** Opening Data records block **

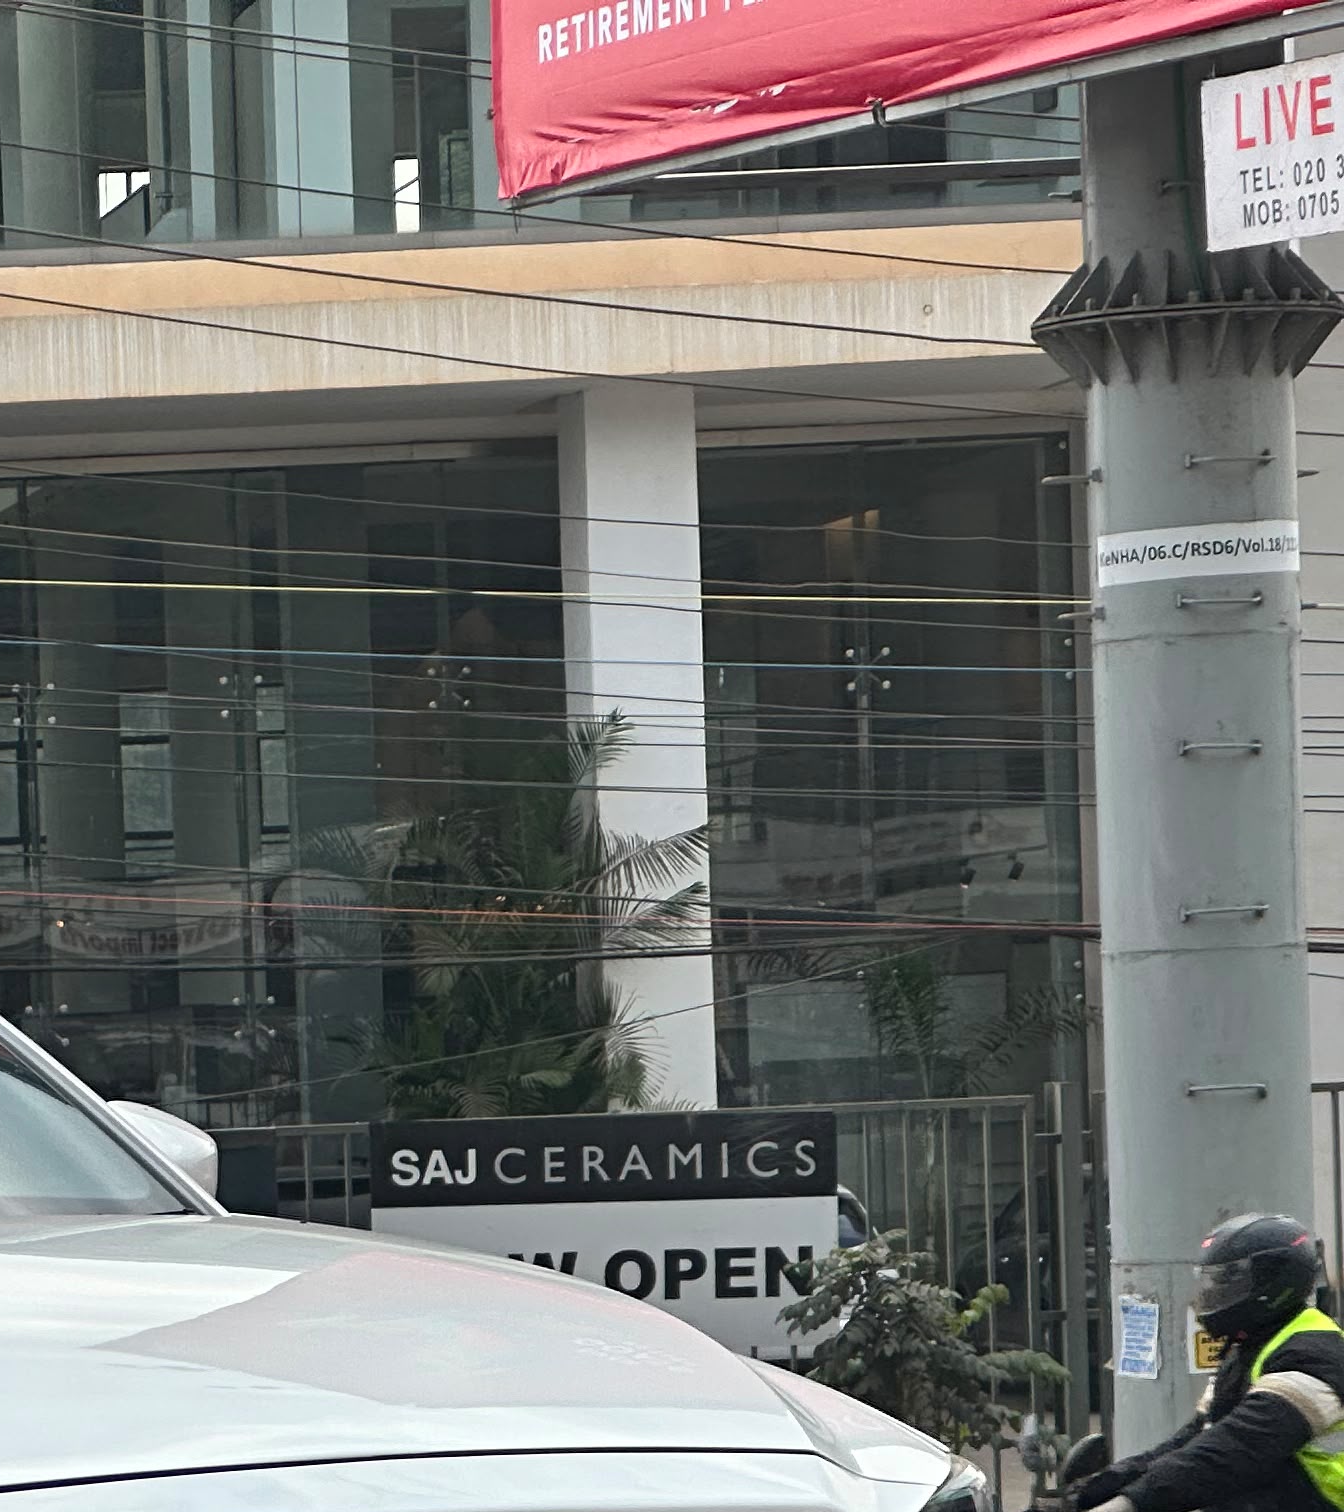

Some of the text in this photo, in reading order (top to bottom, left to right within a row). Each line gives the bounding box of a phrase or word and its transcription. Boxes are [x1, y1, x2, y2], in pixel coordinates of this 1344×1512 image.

[1234, 74, 1335, 150] LIVE
[1239, 166, 1284, 194] TEL:
[1293, 157, 1326, 187] 020
[1243, 190, 1340, 228] MOB: 0705
[390, 1140, 817, 1187] SAJ CERAMICS
[604, 1245, 813, 1301] OPEN
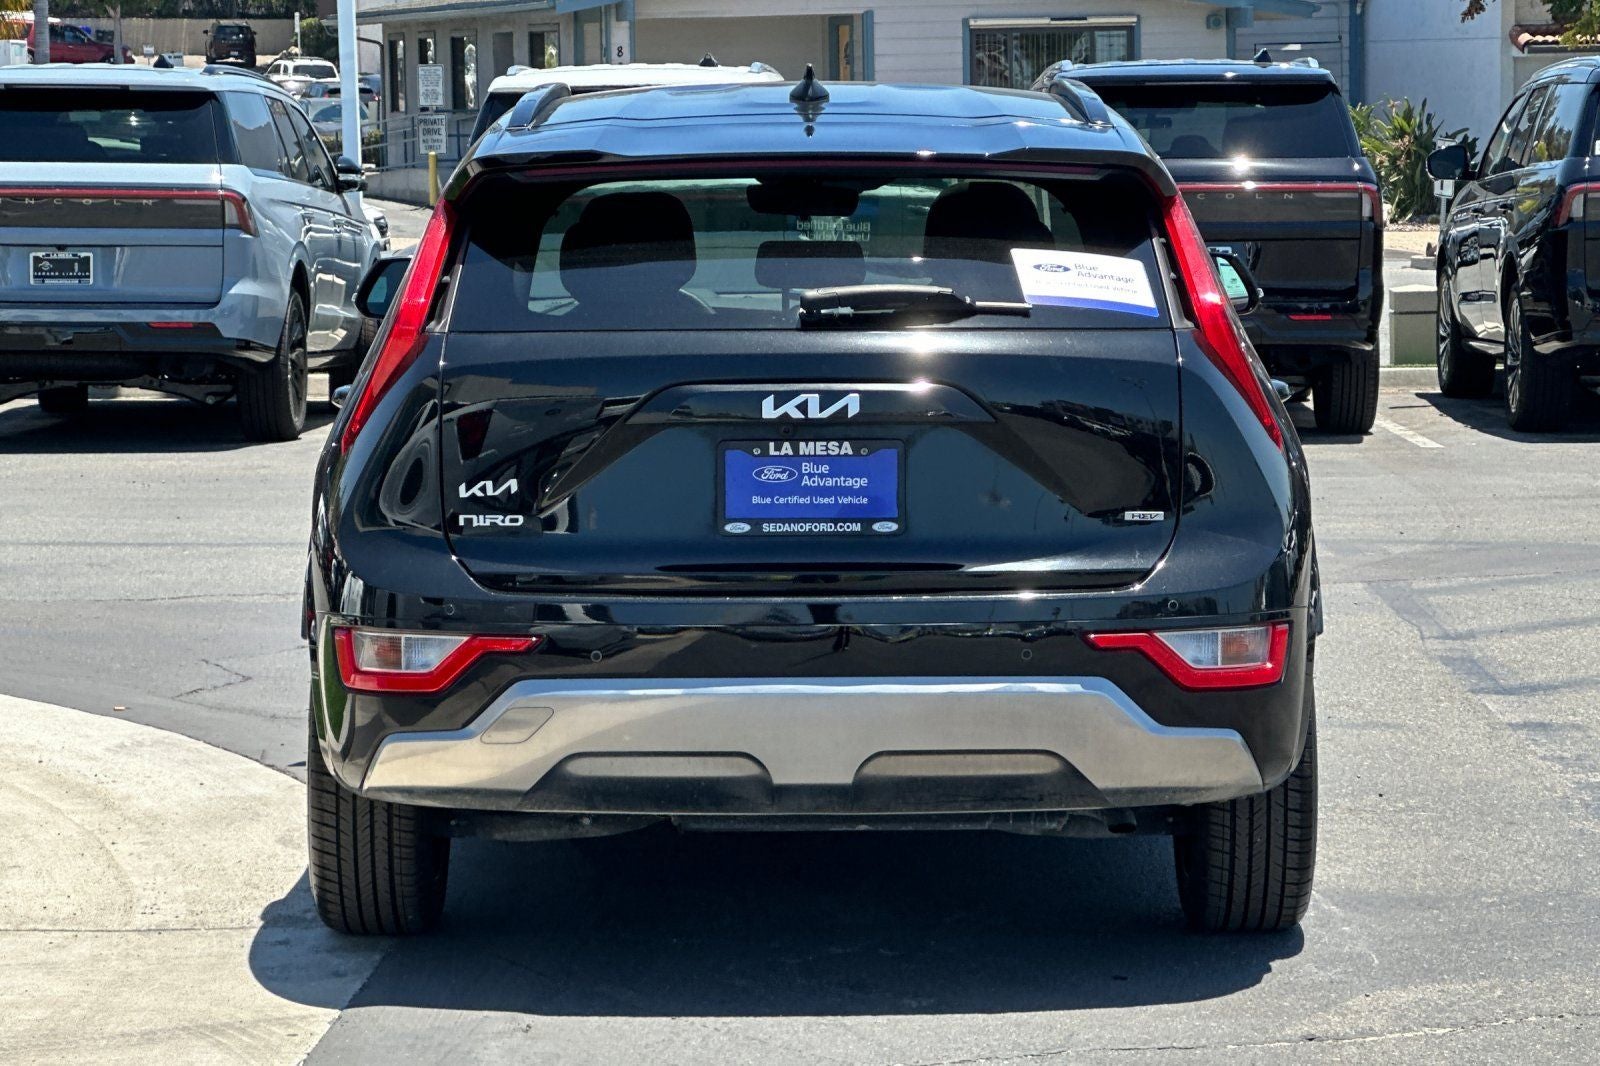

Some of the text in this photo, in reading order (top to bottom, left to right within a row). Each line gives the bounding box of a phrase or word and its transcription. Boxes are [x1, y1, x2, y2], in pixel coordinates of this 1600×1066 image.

[617, 45, 623, 57] 8
[419, 118, 444, 126] PRIVATE
[422, 128, 442, 136] DRIVE
[1074, 263, 1099, 271] Blue
[1077, 271, 1135, 284] Advantage
[761, 393, 860, 419] KIA
[768, 441, 854, 456] LA MESA
[760, 467, 791, 481] Ford
[801, 462, 829, 474] Blue
[801, 475, 868, 488] Advantage
[458, 478, 518, 498] KIA
[752, 495, 868, 504] Blue Certified Used Vehicle
[458, 514, 524, 527] NIRO
[1130, 512, 1160, 520] HEV
[762, 522, 861, 532] SEDANOFORD.COM
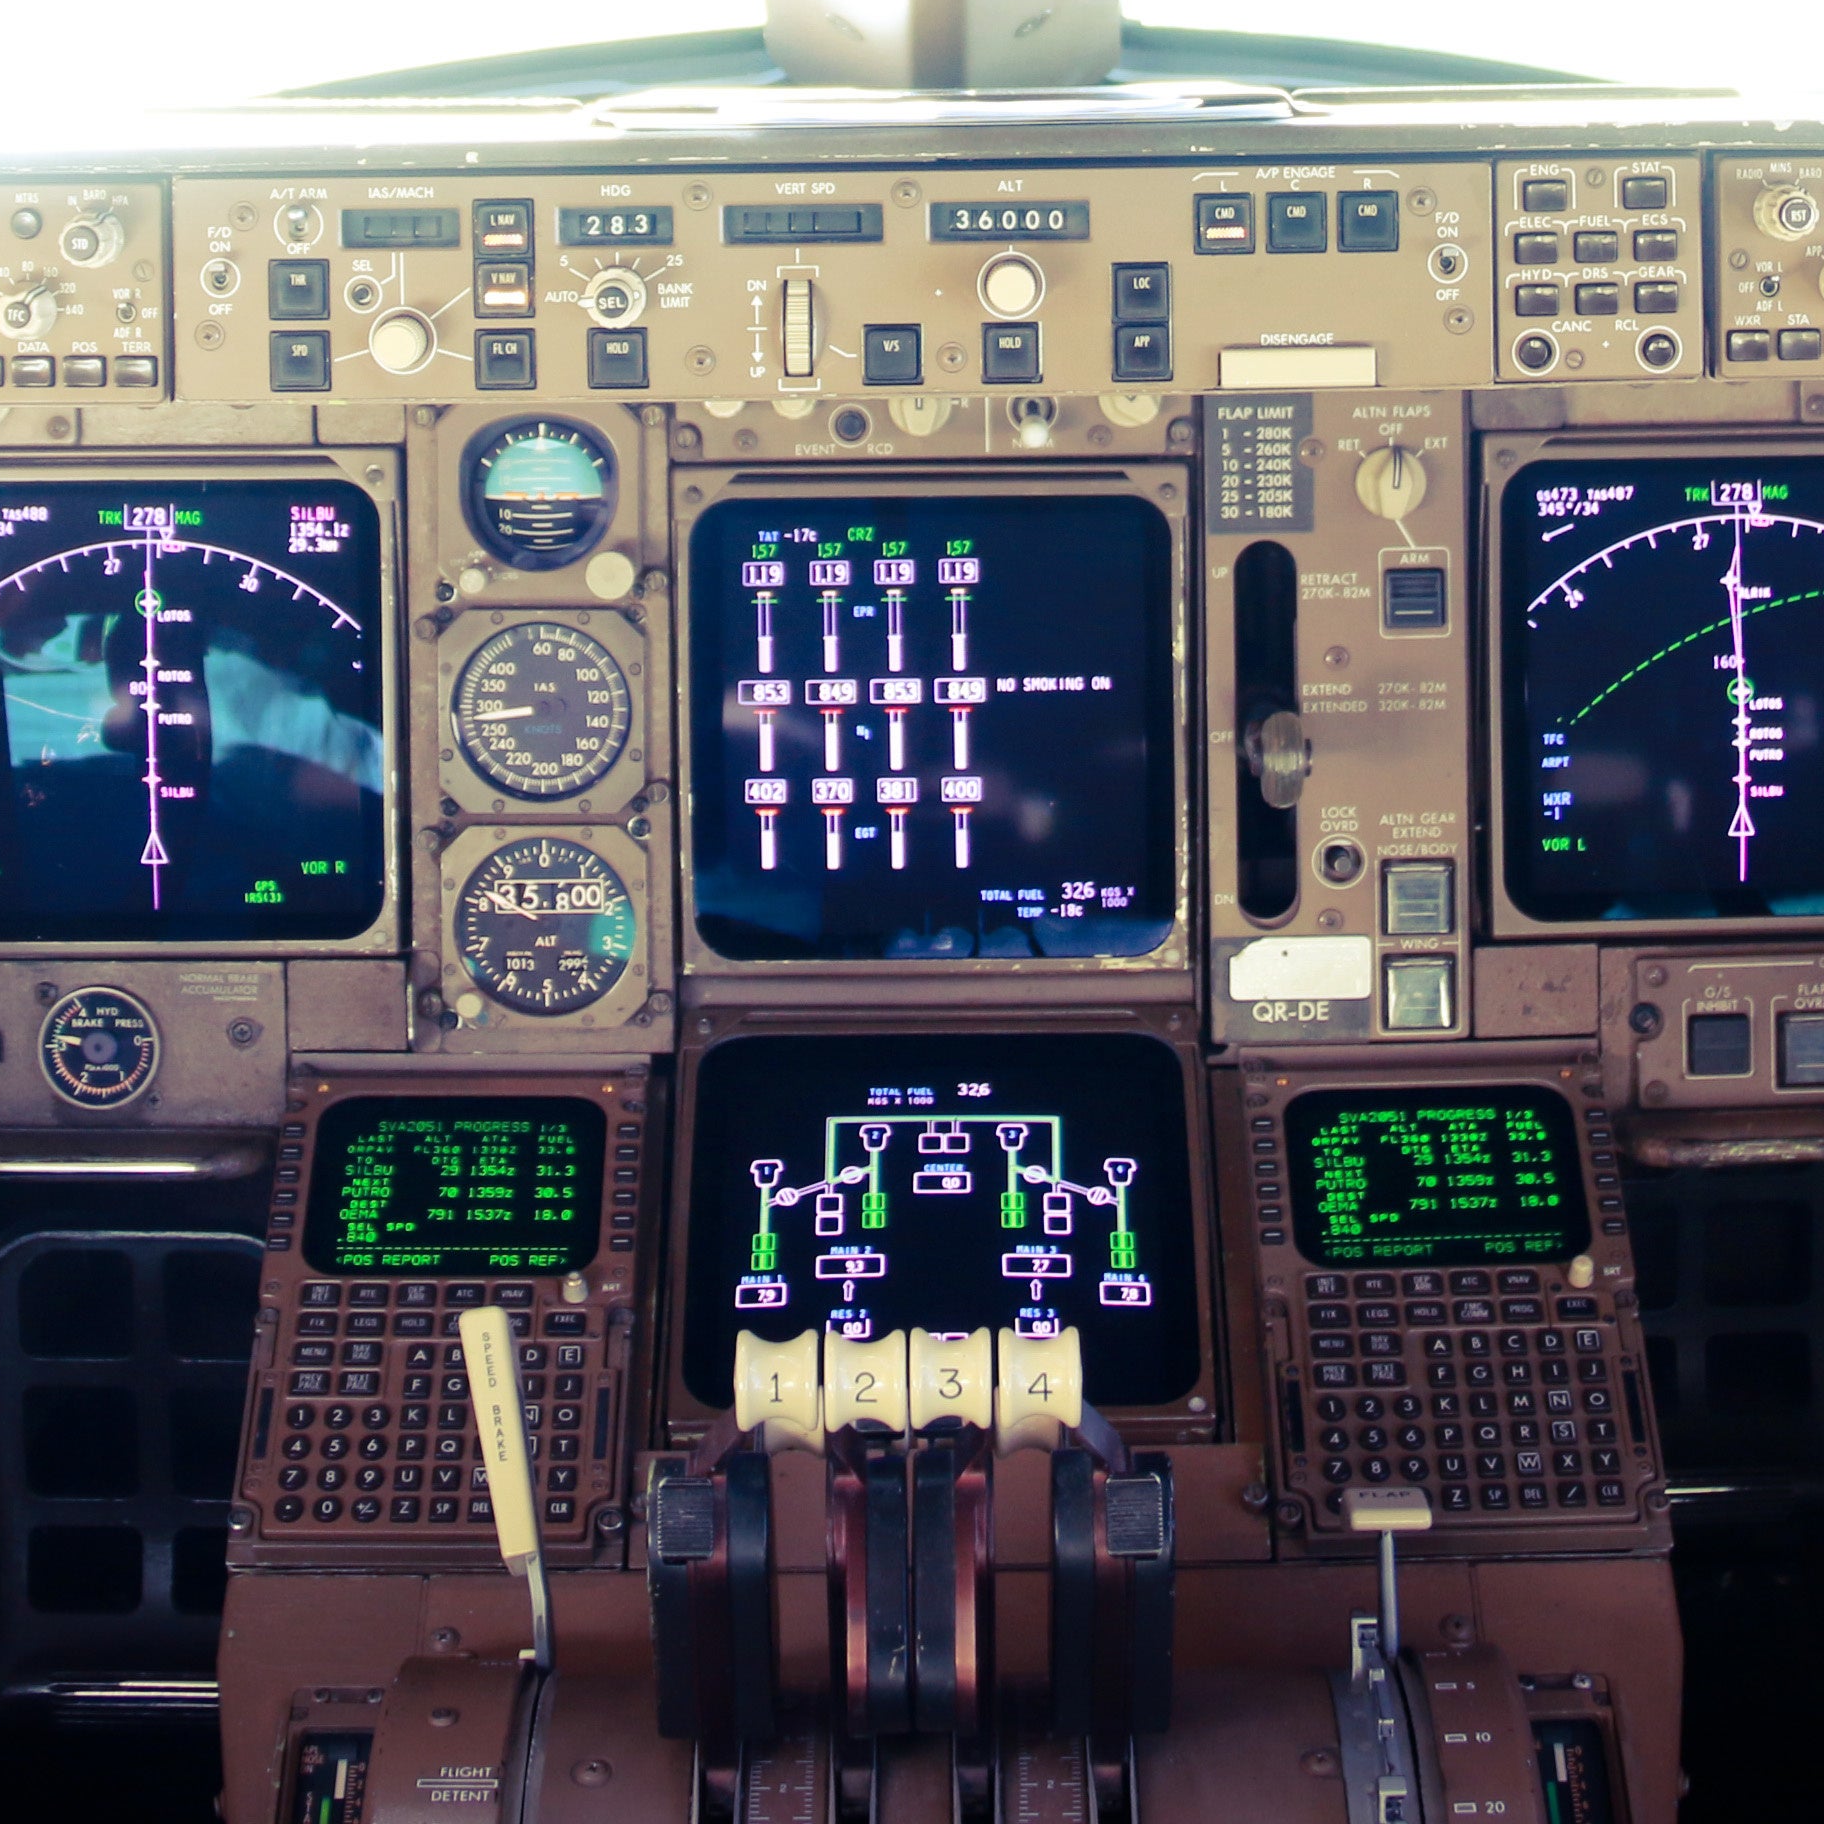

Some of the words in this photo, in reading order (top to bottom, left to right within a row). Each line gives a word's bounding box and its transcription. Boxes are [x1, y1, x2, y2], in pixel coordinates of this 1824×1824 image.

[1256, 167, 1280, 179] A/P
[1283, 166, 1336, 179] ENGAGE
[1530, 164, 1559, 176] ENG
[1632, 161, 1661, 174] STAT
[775, 183, 806, 194] VERT
[811, 183, 835, 194] SPD
[998, 180, 1023, 192] ALT
[1290, 179, 1300, 191] C
[1363, 178, 1372, 189] R
[270, 188, 295, 199] A/T
[299, 188, 327, 199] ARM
[368, 187, 433, 198] IAS/MACH
[601, 185, 631, 196] HDG
[1215, 207, 1234, 219] CMD
[1287, 206, 1306, 217] CMD
[1359, 205, 1377, 216] CMD
[498, 214, 515, 225] NAV
[955, 209, 1064, 231] 36000
[1436, 212, 1459, 223] F/D
[1520, 216, 1551, 229] ELEC
[1580, 215, 1610, 227] FUEL
[1643, 214, 1668, 226] ECS
[208, 227, 231, 238] F/D
[1437, 227, 1458, 238] ON
[210, 241, 231, 252] ON
[287, 243, 310, 254] OFF
[352, 260, 373, 271] SEL
[1522, 269, 1552, 280] HYD
[1583, 267, 1608, 279] DRS
[1638, 266, 1675, 278] GEAR
[290, 274, 306, 285] THR
[499, 273, 515, 284] NAV
[1134, 277, 1149, 289] LOC
[658, 283, 693, 294] BANK
[747, 280, 766, 291] DN
[544, 291, 578, 302] AUTO
[1436, 289, 1459, 300] OFF
[599, 297, 626, 309] SEL
[661, 297, 690, 308] LIMIT
[209, 304, 232, 315] OFF
[1615, 319, 1639, 331] RCL
[1735, 315, 1761, 327] WXR
[1787, 314, 1810, 325] STA
[1552, 320, 1591, 332] CANC
[883, 340, 899, 351] V/S
[999, 337, 1021, 348] HOLD
[1135, 336, 1150, 347] APP
[1260, 333, 1334, 346] DISENGAGE
[292, 345, 308, 356] SPD
[493, 343, 503, 354] FL
[505, 343, 517, 354] CH
[607, 342, 629, 353] HOLD
[750, 367, 765, 377] UP
[1218, 407, 1253, 420] FLAP
[1258, 406, 1293, 419] LIMIT
[1353, 406, 1386, 418] ALTN
[1393, 405, 1430, 417] FLAPS
[1379, 423, 1402, 435] OFF
[1338, 439, 1359, 451] RET
[1425, 437, 1447, 449] EXT
[1223, 459, 1239, 471] 10
[1222, 475, 1240, 487] 20
[1222, 490, 1239, 503] 25
[99, 511, 122, 524] TRK
[132, 507, 167, 526] 278
[175, 511, 200, 525] MAG
[1221, 506, 1239, 518] 30
[848, 527, 873, 541] CRZ
[1399, 553, 1431, 565] ARM
[1301, 573, 1357, 586] RETRACT
[533, 643, 551, 655] 60
[558, 648, 575, 661] 80
[576, 669, 598, 681] 100
[997, 678, 1017, 692] NO
[1023, 677, 1085, 691] SMOKING
[1092, 676, 1112, 690] ON
[1303, 683, 1352, 696] EXTEND
[1303, 701, 1367, 713] EXTENDED
[532, 762, 559, 775] 200
[749, 783, 783, 800] 402
[815, 783, 849, 800] 370
[879, 782, 913, 800] 381
[944, 781, 978, 799] 400
[1322, 807, 1356, 818] LOCK
[1379, 814, 1413, 825] ALTN
[1420, 813, 1455, 824] GEAR
[1320, 820, 1358, 832] OVRD
[1393, 826, 1442, 839] EXTEND
[1377, 844, 1458, 857] NOSE/BODY
[535, 936, 556, 947] ALT
[1400, 938, 1439, 951] WING
[1253, 1001, 1328, 1023] QR-DE
[454, 1121, 530, 1132] PROGRESS
[341, 1187, 392, 1197] PUTRO
[428, 1209, 453, 1220] 791
[770, 1373, 782, 1403] 1
[855, 1372, 877, 1403] 2
[939, 1369, 962, 1399] 3
[1028, 1373, 1052, 1402] 4

** Closing Data records block **

Would you write out all of the records exactly, omitting the pictures?

**Exercise result:**
Some of the text in this photo, in reading order (top to bottom, left to right within a row). Each line gives the bounding box of a phrase or word and its transcription. Boxes are [x1, y1, x2, y2], in pixel coordinates of this 1344×1512 image.

[1234, 74, 1335, 150] LIVE
[1239, 166, 1284, 194] TEL:
[1293, 157, 1326, 187] 020
[1243, 190, 1340, 228] MOB: 0705
[390, 1140, 817, 1187] SAJ CERAMICS
[604, 1245, 813, 1301] OPEN

Some of the text in this photo, in reading order (top to bottom, left to right within a row). Each line gives the bounding box of a phrase or word and its transcription. Boxes are [x1, y1, x2, y2], in pixel coordinates of this 1600×1066 image.

[617, 45, 623, 57] 8
[419, 118, 444, 126] PRIVATE
[422, 128, 442, 136] DRIVE
[1074, 263, 1099, 271] Blue
[1077, 271, 1135, 284] Advantage
[761, 393, 860, 419] KIA
[768, 441, 854, 456] LA MESA
[760, 467, 791, 481] Ford
[801, 462, 829, 474] Blue
[801, 475, 868, 488] Advantage
[458, 478, 518, 498] KIA
[752, 495, 868, 504] Blue Certified Used Vehicle
[458, 514, 524, 527] NIRO
[1130, 512, 1160, 520] HEV
[762, 522, 861, 532] SEDANOFORD.COM

Some of the words in this photo, in reading order (top to bottom, left to right within a row). Each line gives a word's bounding box and its transcription. Boxes are [x1, y1, x2, y2], in pixel coordinates of this 1824×1824 image.

[1256, 167, 1280, 179] A/P
[1283, 166, 1336, 179] ENGAGE
[1530, 164, 1559, 176] ENG
[1632, 161, 1661, 174] STAT
[775, 183, 806, 194] VERT
[811, 183, 835, 194] SPD
[998, 180, 1023, 192] ALT
[1290, 179, 1300, 191] C
[1363, 178, 1372, 189] R
[270, 188, 295, 199] A/T
[299, 188, 327, 199] ARM
[368, 187, 433, 198] IAS/MACH
[601, 185, 631, 196] HDG
[1215, 207, 1234, 219] CMD
[1287, 206, 1306, 217] CMD
[1359, 205, 1377, 216] CMD
[498, 214, 515, 225] NAV
[955, 209, 1064, 231] 36000
[1436, 212, 1459, 223] F/D
[1520, 216, 1551, 229] ELEC
[1580, 215, 1610, 227] FUEL
[1643, 214, 1668, 226] ECS
[208, 227, 231, 238] F/D
[1437, 227, 1458, 238] ON
[210, 241, 231, 252] ON
[287, 243, 310, 254] OFF
[352, 260, 373, 271] SEL
[1522, 269, 1552, 280] HYD
[1583, 267, 1608, 279] DRS
[1638, 266, 1675, 278] GEAR
[290, 274, 306, 285] THR
[499, 273, 515, 284] NAV
[1134, 277, 1149, 289] LOC
[658, 283, 693, 294] BANK
[747, 280, 766, 291] DN
[544, 291, 578, 302] AUTO
[1436, 289, 1459, 300] OFF
[599, 297, 626, 309] SEL
[661, 297, 690, 308] LIMIT
[209, 304, 232, 315] OFF
[1615, 319, 1639, 331] RCL
[1735, 315, 1761, 327] WXR
[1787, 314, 1810, 325] STA
[1552, 320, 1591, 332] CANC
[883, 340, 899, 351] V/S
[999, 337, 1021, 348] HOLD
[1135, 336, 1150, 347] APP
[1260, 333, 1334, 346] DISENGAGE
[292, 345, 308, 356] SPD
[493, 343, 503, 354] FL
[505, 343, 517, 354] CH
[607, 342, 629, 353] HOLD
[750, 367, 765, 377] UP
[1218, 407, 1253, 420] FLAP
[1258, 406, 1293, 419] LIMIT
[1353, 406, 1386, 418] ALTN
[1393, 405, 1430, 417] FLAPS
[1379, 423, 1402, 435] OFF
[1338, 439, 1359, 451] RET
[1425, 437, 1447, 449] EXT
[1223, 459, 1239, 471] 10
[1222, 475, 1240, 487] 20
[1222, 490, 1239, 503] 25
[99, 511, 122, 524] TRK
[132, 507, 167, 526] 278
[175, 511, 200, 525] MAG
[1221, 506, 1239, 518] 30
[848, 527, 873, 541] CRZ
[1399, 553, 1431, 565] ARM
[1301, 573, 1357, 586] RETRACT
[533, 643, 551, 655] 60
[558, 648, 575, 661] 80
[576, 669, 598, 681] 100
[997, 678, 1017, 692] NO
[1023, 677, 1085, 691] SMOKING
[1092, 676, 1112, 690] ON
[1303, 683, 1352, 696] EXTEND
[1303, 701, 1367, 713] EXTENDED
[532, 762, 559, 775] 200
[749, 783, 783, 800] 402
[815, 783, 849, 800] 370
[879, 782, 913, 800] 381
[944, 781, 978, 799] 400
[1322, 807, 1356, 818] LOCK
[1379, 814, 1413, 825] ALTN
[1420, 813, 1455, 824] GEAR
[1320, 820, 1358, 832] OVRD
[1393, 826, 1442, 839] EXTEND
[1377, 844, 1458, 857] NOSE/BODY
[535, 936, 556, 947] ALT
[1400, 938, 1439, 951] WING
[1253, 1001, 1328, 1023] QR-DE
[454, 1121, 530, 1132] PROGRESS
[341, 1187, 392, 1197] PUTRO
[428, 1209, 453, 1220] 791
[770, 1373, 782, 1403] 1
[855, 1372, 877, 1403] 2
[939, 1369, 962, 1399] 3
[1028, 1373, 1052, 1402] 4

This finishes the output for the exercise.